Daniel Hoppe-Jänisch has published an article
titled Das Zögern zu Gunsten Dritter ("Delay in Favor of a Third
Party") in GRUR 2015, 1075. Subtitled Verlust der Dringlichkeit
durch Zögern gegenüber Dritten unter Berücksichtigung des Patentverletzungsverfahren
("Lack of Urgency Through Delaying an Action Against a Third Party in the
Context of Patent Infringement Actions"), the article discusses among
other things the Judgment of the Berlin Kammergericht (KG) of Feb. 20, 2015, 5
U 150/14-Mobilfunkgerät, in which the court vacated a preliminary
injunction for lack of urgency, as evidenced by the patent owner's delay in filing
its motion even though it had contacted the defendant's parent company, a
Chinese firm, two years earlier about the possibility of its having sold
infringing phones, and must have been aware of a sister company's having
exhibited allegedly infringing phones at an exhibition in Germany a year
earlier (which gave to rise to an Erstbegehungsgefahr, or danger of
imminent infringement). Here is the abstract (my translation from the
German):
Summary protection of rights assumes urgency. If the movant wants to invoke this urgency, it must proceed expeditiously against the opposing party. This is common knowledge. There is less notice in practice of the circumstance in which the lack of urgency can reveal itself on other grounds. In a noteworthy decision, the KG has accepted this in a case in which the movant did not proceed quickly enough against similar infringing conduct of a third party. This article undertakes an attempt at a systematization of this class of case.

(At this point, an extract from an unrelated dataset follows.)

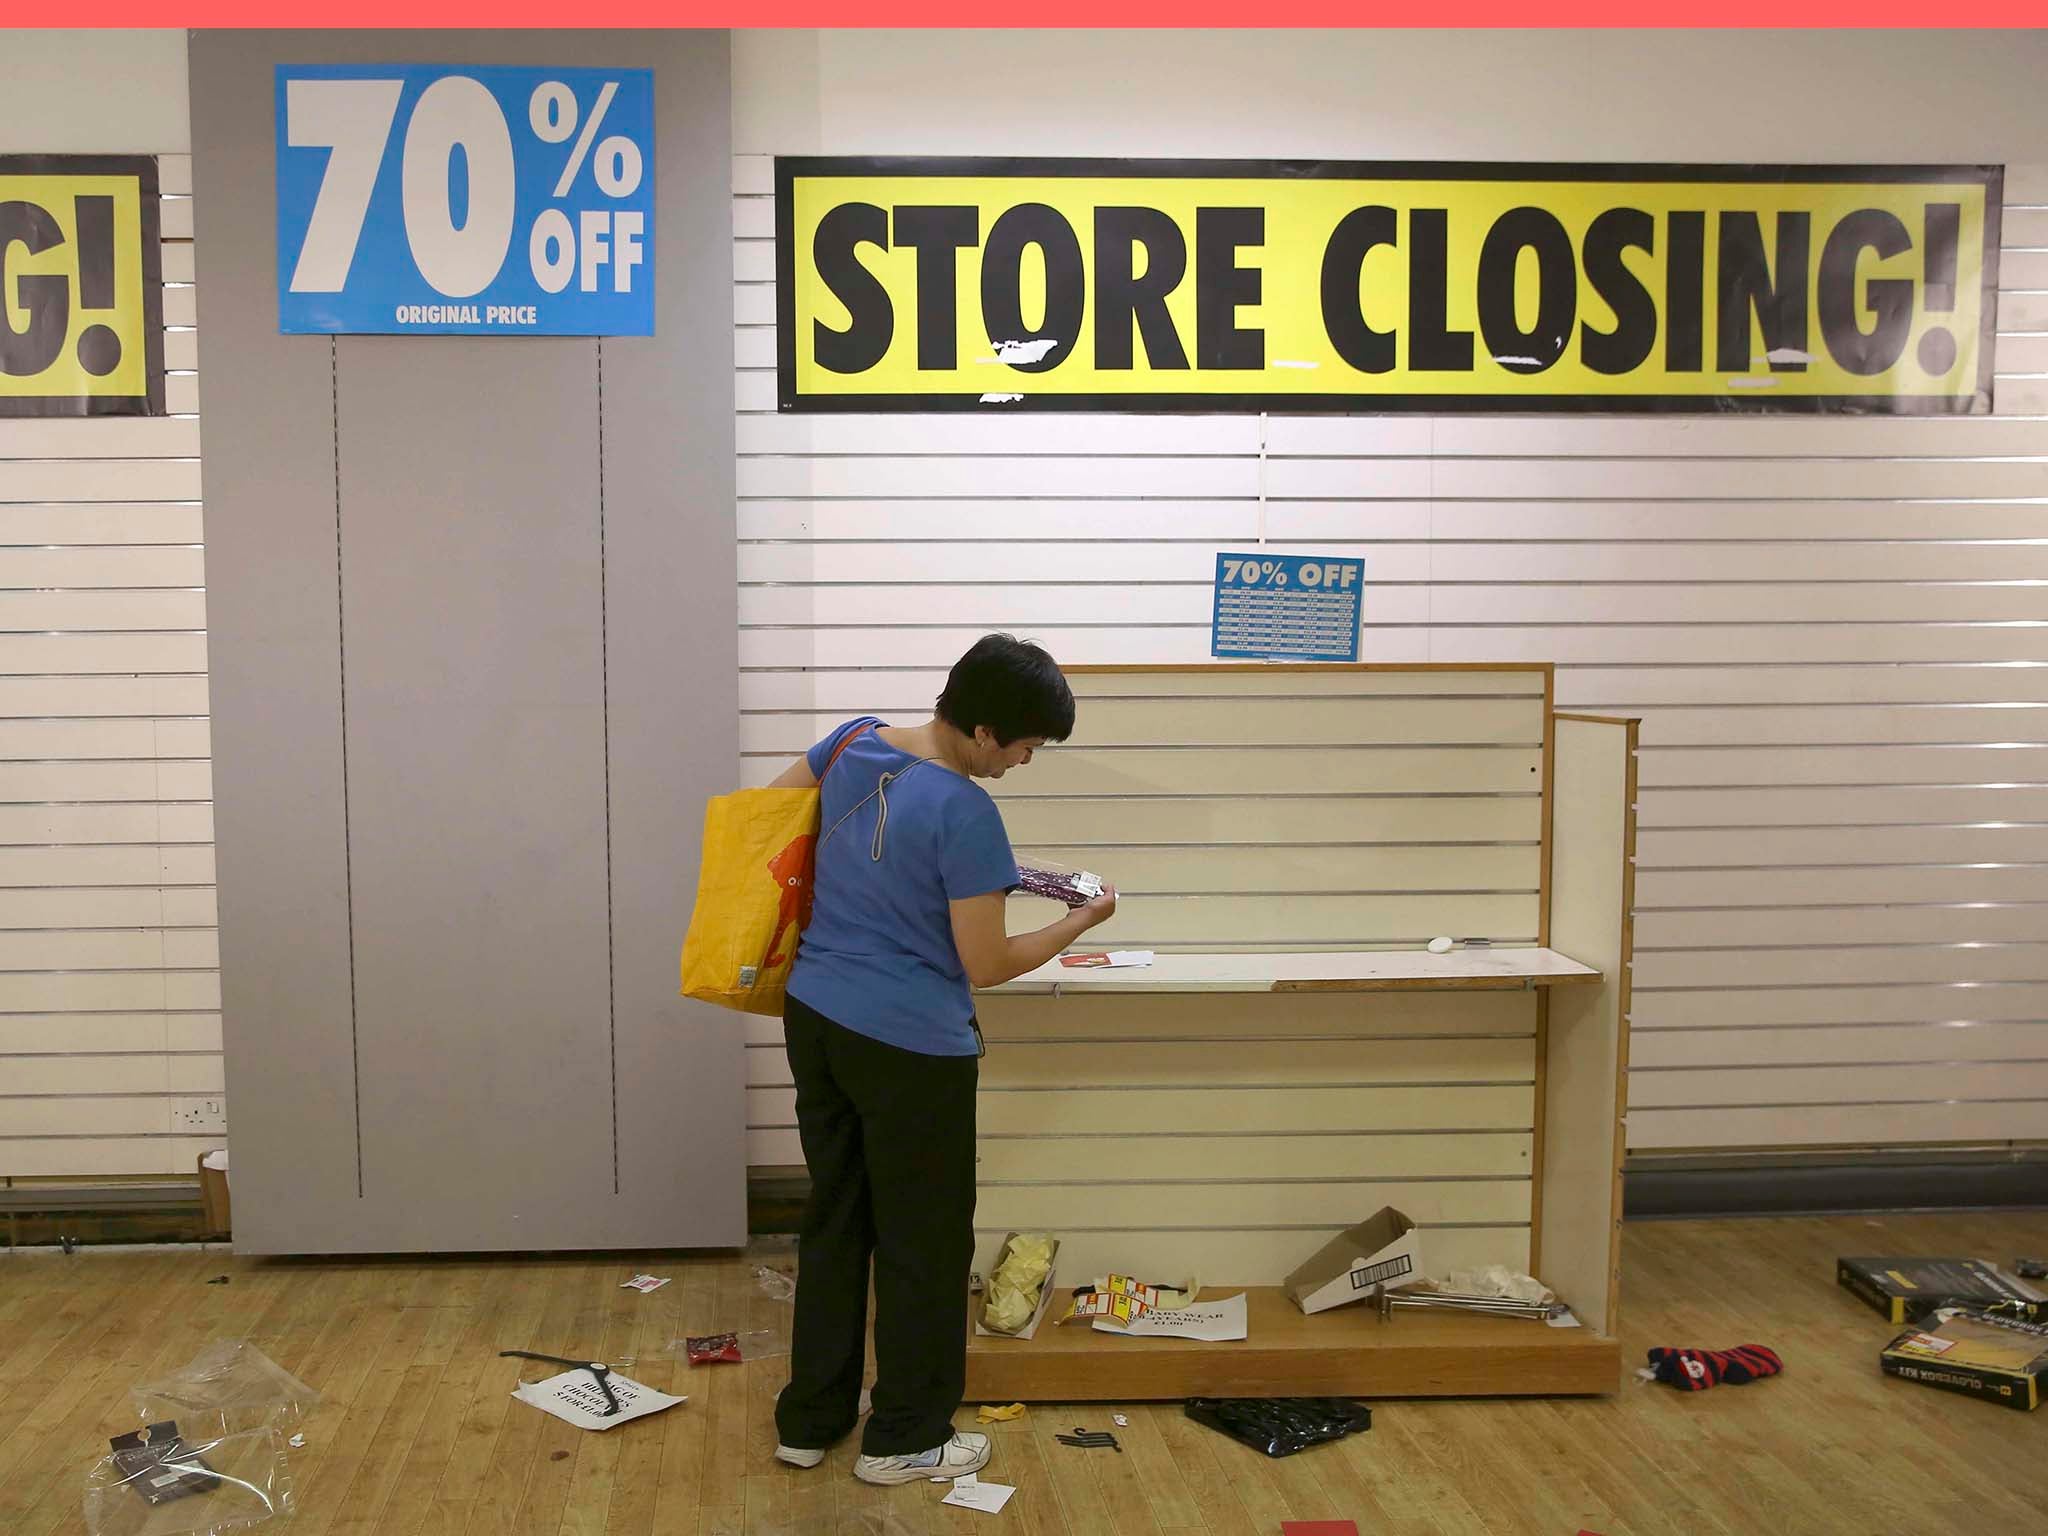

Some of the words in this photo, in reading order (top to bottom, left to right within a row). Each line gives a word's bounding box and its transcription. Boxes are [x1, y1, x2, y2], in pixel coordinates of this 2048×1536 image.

Mr. Hoppe-Jänisch argues that there may be
circumstances in which a movant's failure to proceed against a third party is
relevant to the question of urgency, but that such failure should not give rise
to a general inference of lack of urgency; and he critiques the KG's judgment
for not being more precise in its reasoning. Instead, Mr. Hoppe-Jänisch
proposes that courts should consider all the facts and circumstances, since
there may be a range of factors motivating the movant's hesitancy towards the
third party.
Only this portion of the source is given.